Mechanistic target of
rapamycin (mTOR) signaling pathway mediates the function of oncogenic
receptor tyrosine kinases (RTKs). We aimed to elucidate new role of mTOR in EGFR-mutant (EGFR-mut)
non-small cell lung cancer (NSCLC) and
glioblastoma (GBM) with a focus on tumor microenvironments. Here, we report a novel regulatory link between mTOR complexes (mTORCs) and
tissue factor (TF), an initiator of
tumor-derived
thrombosis. TF is elevated in EGFR-mut NSCLC/GBM cell lines and
tumors from patients with poor prognosis. Application of
mTORC1/2 inhibitors (
AZD8055,
WYE-125132, MTI-31, and
rapamycin) or genetic mTORC-depletion all reduced TF expression, which appeared to be differentially mediated depending on cellular context.
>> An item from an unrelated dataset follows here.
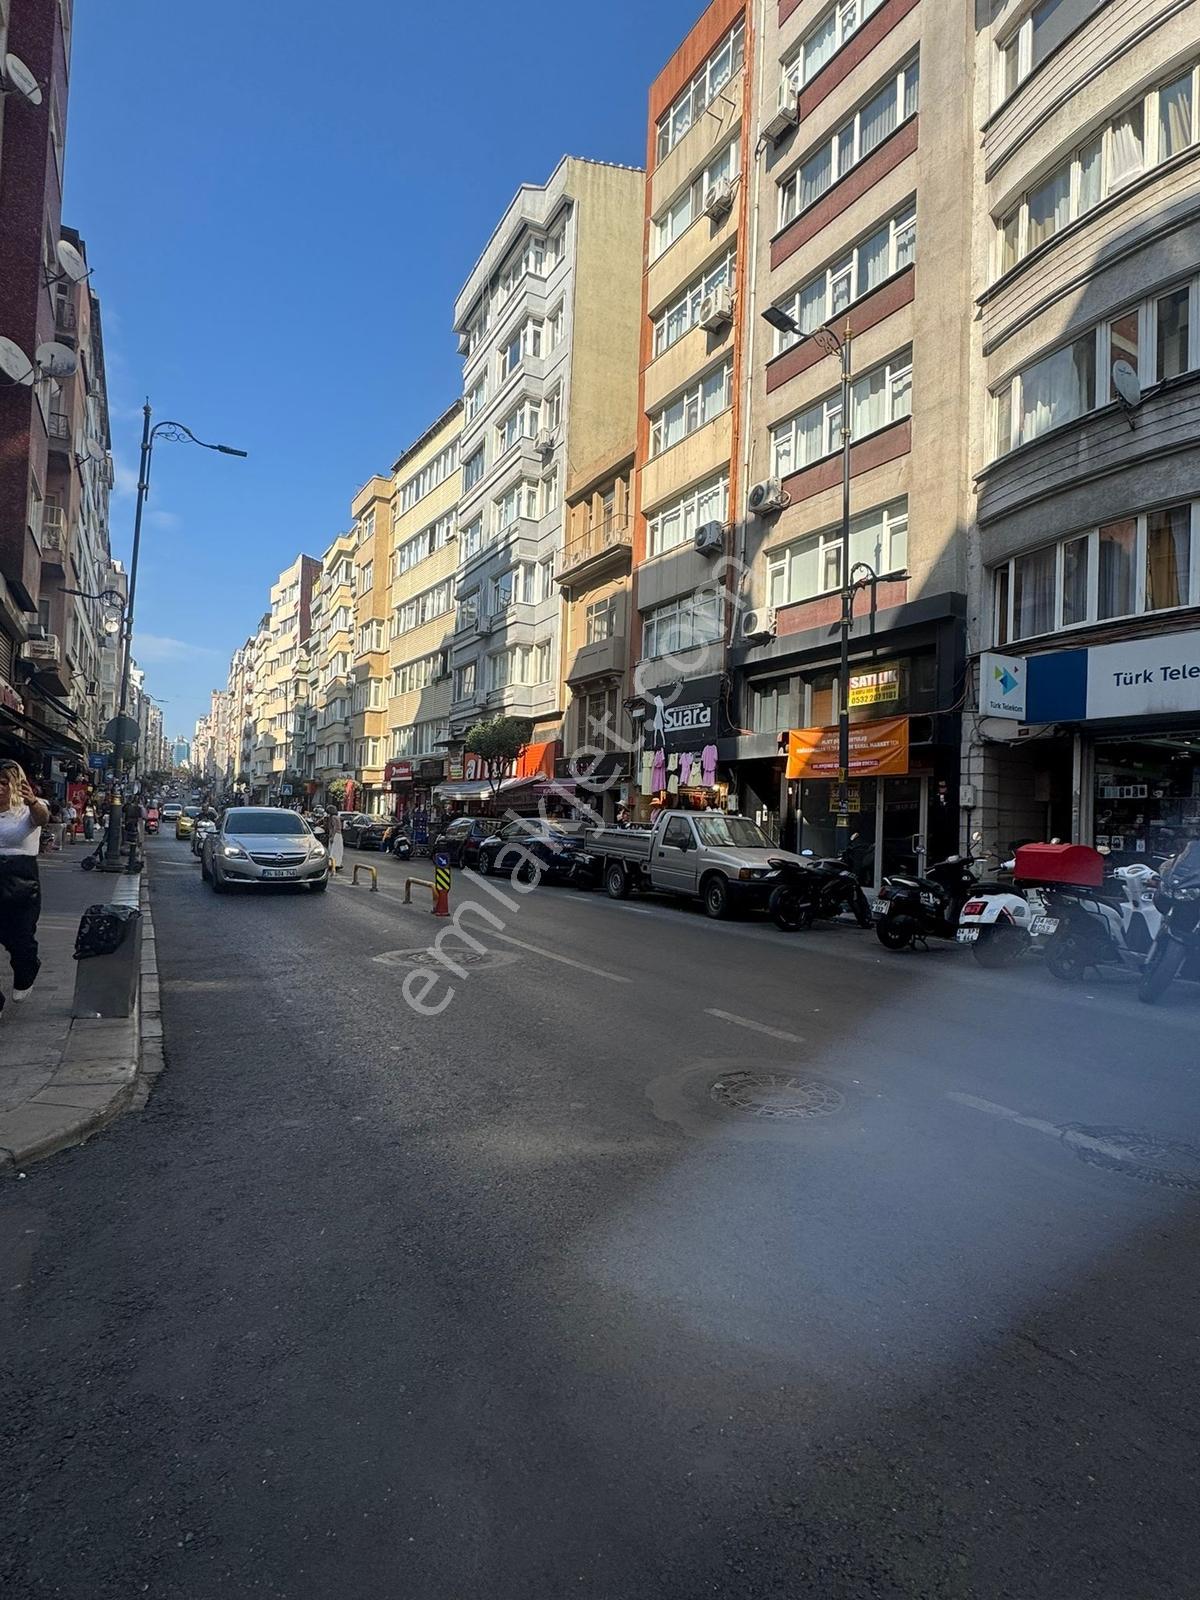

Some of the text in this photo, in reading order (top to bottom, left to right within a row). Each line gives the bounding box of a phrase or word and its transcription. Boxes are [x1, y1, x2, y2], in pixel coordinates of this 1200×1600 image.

In U87MG and HCC827 cells,
mTORC1 exerted a dominant role via promoting TF
mRNA transcription. In EGFR-TKI-resistant H1975 and PC9 cells, it was
mTORC2 that played a major role in specific repression of lysosomal-targeted TF protein degradation. Successful inhibition of TF expression was demonstrated in AZD8055- or MTI-31-treated H1975 and U87MG
tumors in mice, while a TF-targeted antibody antagonized TF activity without reducing TF
protein. Both the mTOR- and TF-targeted
therapy induced a multifaceted remodeling of tumor microenvironment reflecting not only a diminished hypercoagulopathy state (
fibrin level) but also a reduced stromal
fibrosis (
collagen distribution), compromised vessel density and/or maturity (CD31 and/or α-SMA) as well as a substantially decreased infiltration of immune-suppressive M2-type tumor-associated macrophages (CD206/F4/80 ratio). Thus, our results have identified TF as a functional
biomarker of mTOR. Downregulation of mTOR-TF axis activity likely contributes to the therapeutic mechanism of
mTORC1/2- and TF-targeted agents in EGFR-mut advanced NSCLC and GBM.